-------- Dataset --------

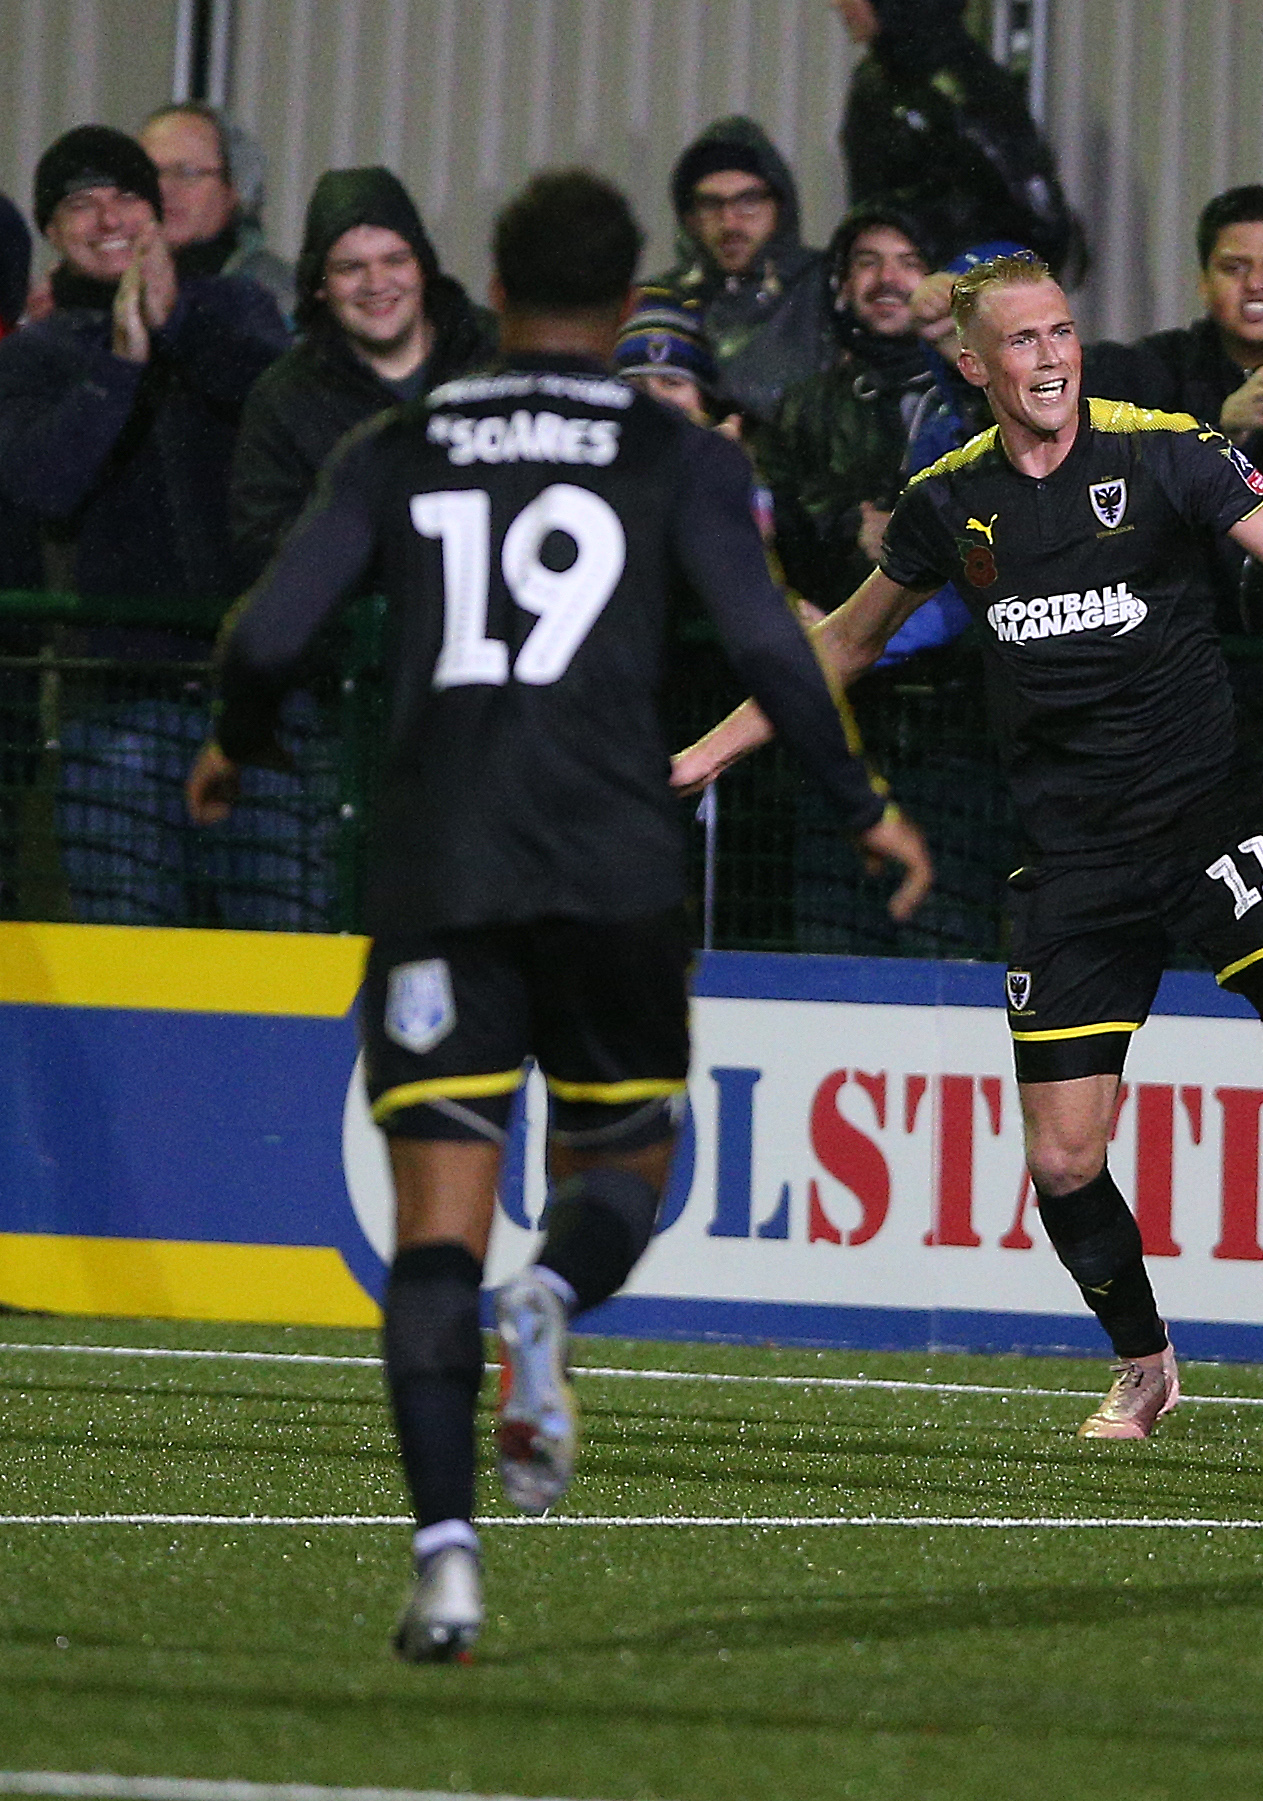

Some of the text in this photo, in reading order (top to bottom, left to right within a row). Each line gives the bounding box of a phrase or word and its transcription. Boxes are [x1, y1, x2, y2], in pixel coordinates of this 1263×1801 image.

[448, 409, 623, 468] SOARES
[409, 482, 627, 692] 19
[993, 582, 1134, 623] FOOTBALL
[997, 600, 1142, 643] MANAGER
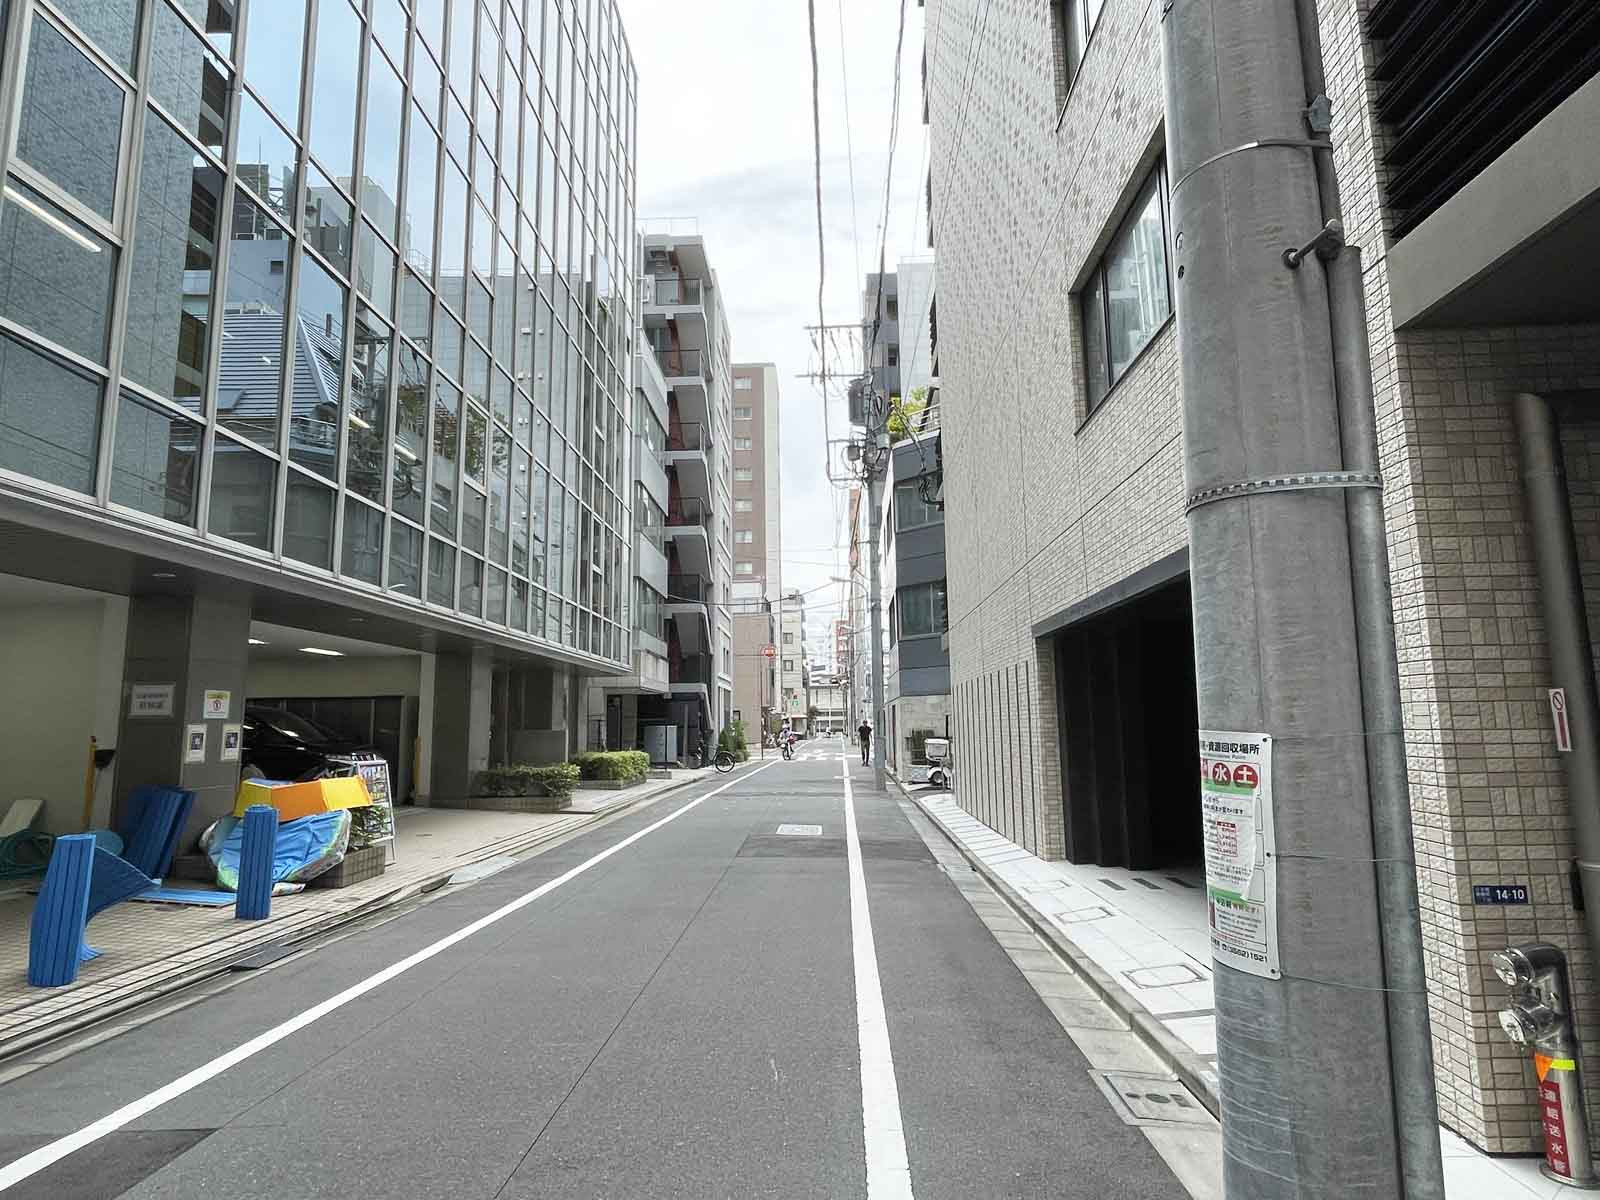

--------

With the pictures left out, transcribe the material exactly.

* **Task result**:
Some of the text in this photo, in reading order (top to bottom, left to right within a row). Each line gives the bounding box of a phrase or word and its transcription. Boxes are [x1, y1, x2, y2], in pixel coordinates of this 1263×1801 image.

[448, 409, 623, 468] SOARES
[409, 482, 627, 692] 19
[993, 582, 1134, 623] FOOTBALL
[997, 600, 1142, 643] MANAGER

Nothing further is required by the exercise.